[Data section Boundary: Start]

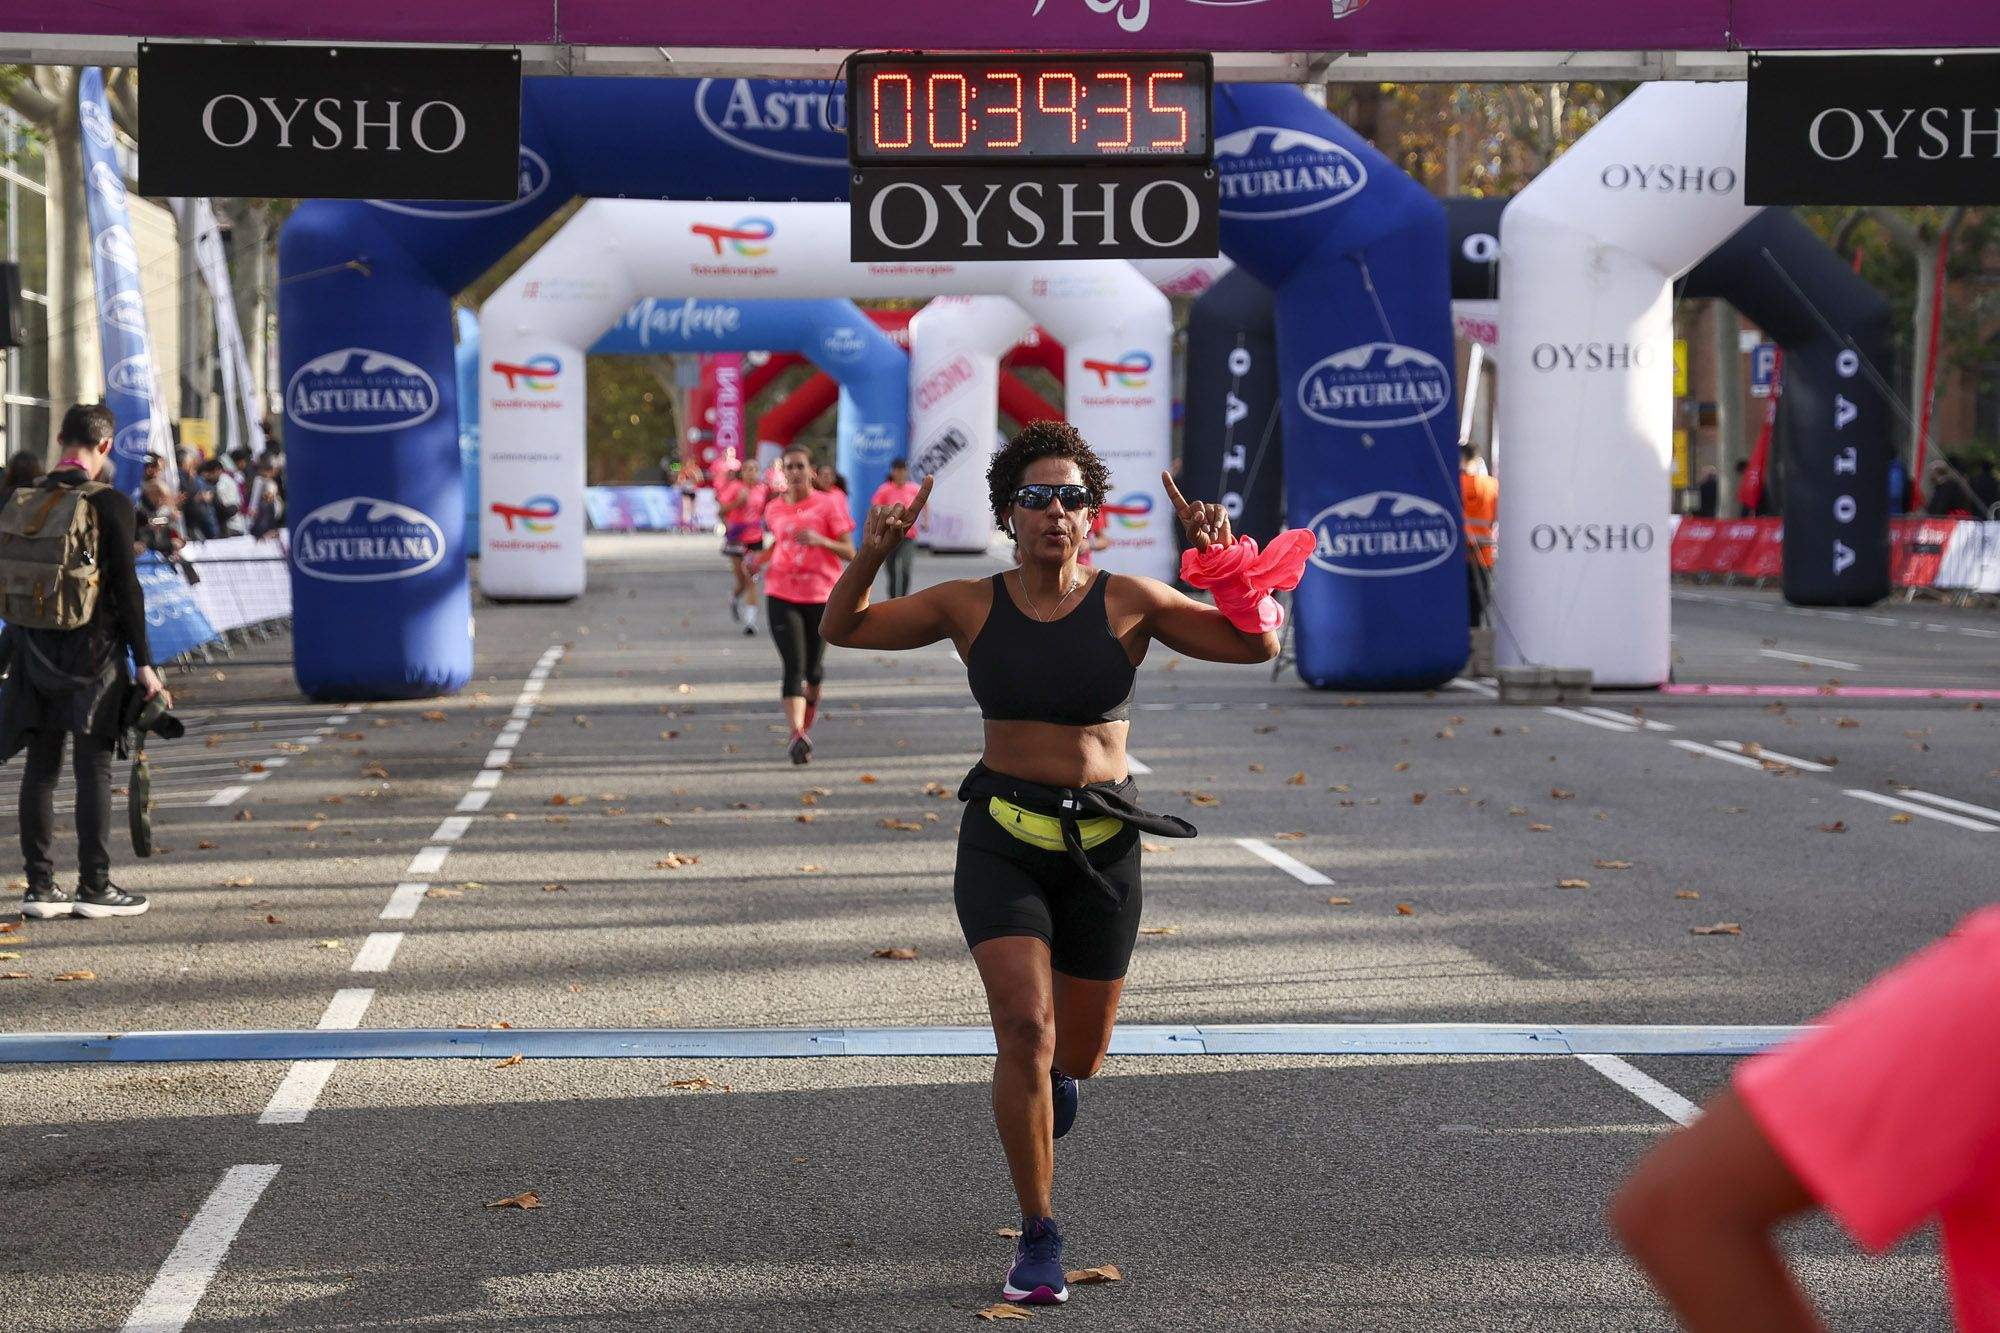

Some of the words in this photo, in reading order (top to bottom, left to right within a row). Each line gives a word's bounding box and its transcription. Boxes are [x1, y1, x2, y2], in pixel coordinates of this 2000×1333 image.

[719, 79, 847, 131] ASTU
[873, 71, 1187, 149] 00:39:35
[202, 94, 466, 153] OYSHO
[1809, 107, 2000, 160] OYSH
[1219, 164, 1354, 199] TURIANA
[1602, 164, 1737, 195] OYSHO
[869, 180, 1200, 249] OYSHO
[1532, 343, 1656, 372] OYSHO
[295, 383, 428, 416] ASTURIANA
[1309, 376, 1444, 410] ASTURIANA
[1221, 347, 1250, 520] OLVO
[1833, 349, 1859, 575] VOLVO
[300, 532, 435, 563] ASTURIANA
[1316, 525, 1449, 558] ASTURIANA
[1530, 522, 1655, 554] OYSHO

[Data section Boundary: End]

* Aim of the exercise
All of the material should be written out again exactly, apart from the pictures.

* Result for this task
Some of the words in this photo, in reading order (top to bottom, left to right within a row). Each line gives a word's bounding box and its transcription. Boxes are [x1, y1, x2, y2], in pixel coordinates of this 2000×1333 image.

[719, 79, 847, 131] ASTU
[873, 71, 1187, 149] 00:39:35
[202, 94, 466, 153] OYSHO
[1809, 107, 2000, 160] OYSH
[1219, 164, 1354, 199] TURIANA
[1602, 164, 1737, 195] OYSHO
[869, 180, 1200, 249] OYSHO
[1532, 343, 1656, 372] OYSHO
[295, 383, 428, 416] ASTURIANA
[1309, 376, 1444, 410] ASTURIANA
[1221, 347, 1250, 520] OLVO
[1833, 349, 1859, 575] VOLVO
[300, 532, 435, 563] ASTURIANA
[1316, 525, 1449, 558] ASTURIANA
[1530, 522, 1655, 554] OYSHO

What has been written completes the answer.